Although Verizon desperately needs to counter the iPhone, I believe this latest attempt will hurt RIM much more than Apple. In other words, it will backfire cannibalizing more Verizon RIM devices than AT&T iphone devices. Here are two reasons why:
1. Droid Takes Advertising Dollars from RIM
RIM was until now Verizon’s flagship smartphone partner. If we ignore the ailing Windows Mobile platform, RIM has virtually the only competitive smartphones in Verizon stores. In the past Verizon poured most of its advertising dollars in the smartphone category to promote RIM Devices. But that is about to change. Not only does RIM have to share Verizon’s ad budget with Droid, Droid will get the better part of it. Verizon has said publicly that it will promote Droid with its “biggest marketing campaign ever.” This is going to hurt RIM. Although other carriers in the US carry RIM devices, Verizon is the only operator where RIM enjoys flagship status. AT&T’s flagship device is the iPhone of course. Sprint’s flagship devices are now Palm and Android devices. And T-Mobile is pushing Android of course.
2. Droid’s Target Market Overlaps more with RIM’s than the iPhone’s
The second reason is a bit more subtle, but perhaps more significant. Droid’s feature set will appeal more to the traditional RIM user than to iPhone’s target market. This means that Droid will naturally attract more would be RIM users than would be iPhone users. Let me elaborate.

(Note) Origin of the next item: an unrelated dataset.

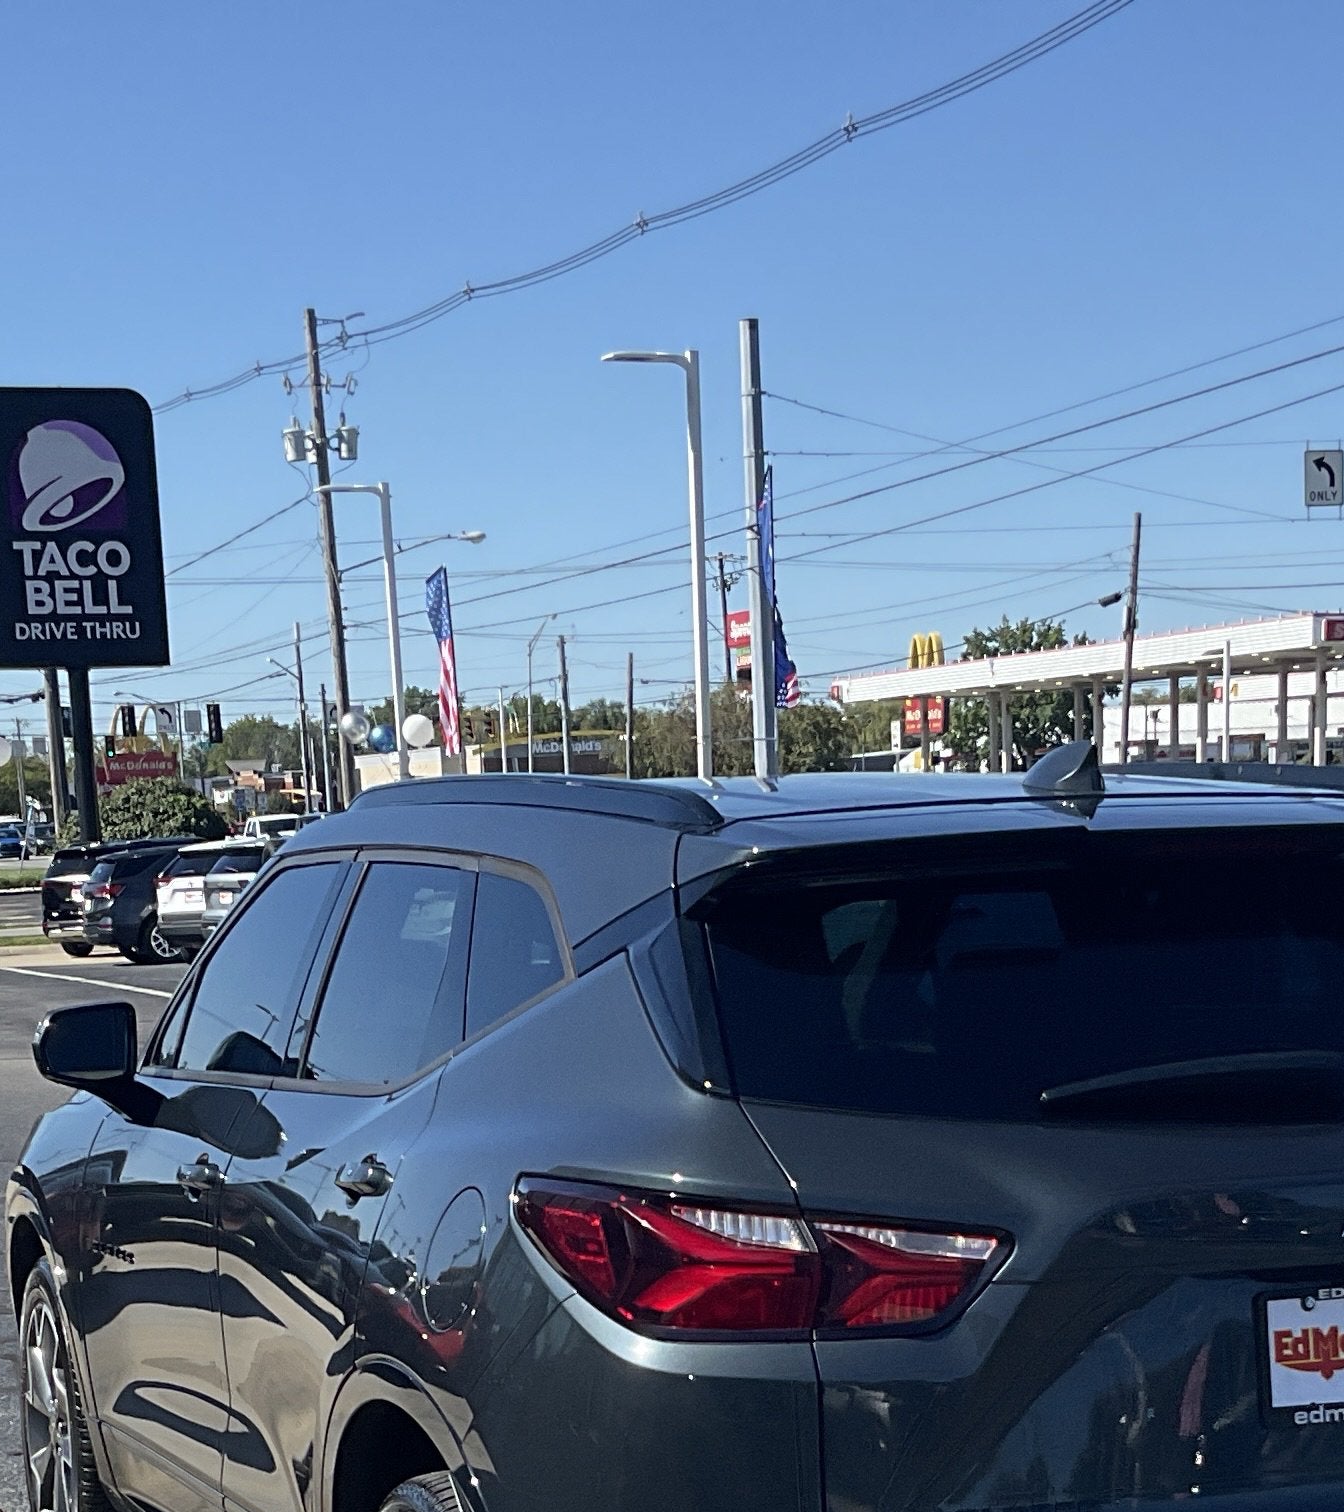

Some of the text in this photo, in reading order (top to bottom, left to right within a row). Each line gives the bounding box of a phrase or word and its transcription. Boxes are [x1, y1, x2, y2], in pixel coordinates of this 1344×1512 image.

Roughly speaking, there are two main clusters of smartphone users: those users who optimize for communications features and those who optimize for entertainment features. Users optimizing for communications features need good quality voice service, great email and Exchange support, and a preferably physical keyboard for typing lots of emails. Users optimizing for entertainment want a great gaming experience and great music and video services, including media synchronization (i.e. iTunes). Although these two segments are increasingly overlapping, they are still distinct. It’s no mystery that the iPhone dominates the entertainment segment with its great music player and iTunes integration. When it comes down to it, the iPhone is a great entertainment device and not that great voice phone (which users who optimize for communications demand). Unlike a voice phone, the iPhone has no physical keyboard. And running on the AT&T network, iPhone users often complain about dropped calls but put up with the problem because they favor the entertainment features.
I know many of you are thinking that the iPhone is a good email device too. Although the iPhone is making clear inroads into the communications space with Exchange support for example, this is not the iPhone’s sweat spot. RIM of course optimizes around communications capabilities. With the best support of corporate email systems, a great physical keyboard for typing lots of emails, and a good voice phone.
Droid is a better communications device than it is a good entertainment device. For this reason, Droid will hurt RIM more than Apple. Droid comes with the Verizon network which offers better voice service and fewer dropped calls. Droid is made by Motorola, who makes better phones and radios than Apple. Droid featurs a physical keyboard that many RIM users will demand before switching to a new platform. At the same time, Droid is missing key entertainment capabilities such as VCAST music, iTunes support, or any other good media synchronization service.
It will be interesting to watch what happens, but for these reasons, my bet is that Droid will hurt RIM more so than the iPhone. This is despite such aggressive Droid marketing campaign attacking the iPhone directly.
What do you think? If you are an iPhone user, would you switch to Droid? If you are a RIM user, would you?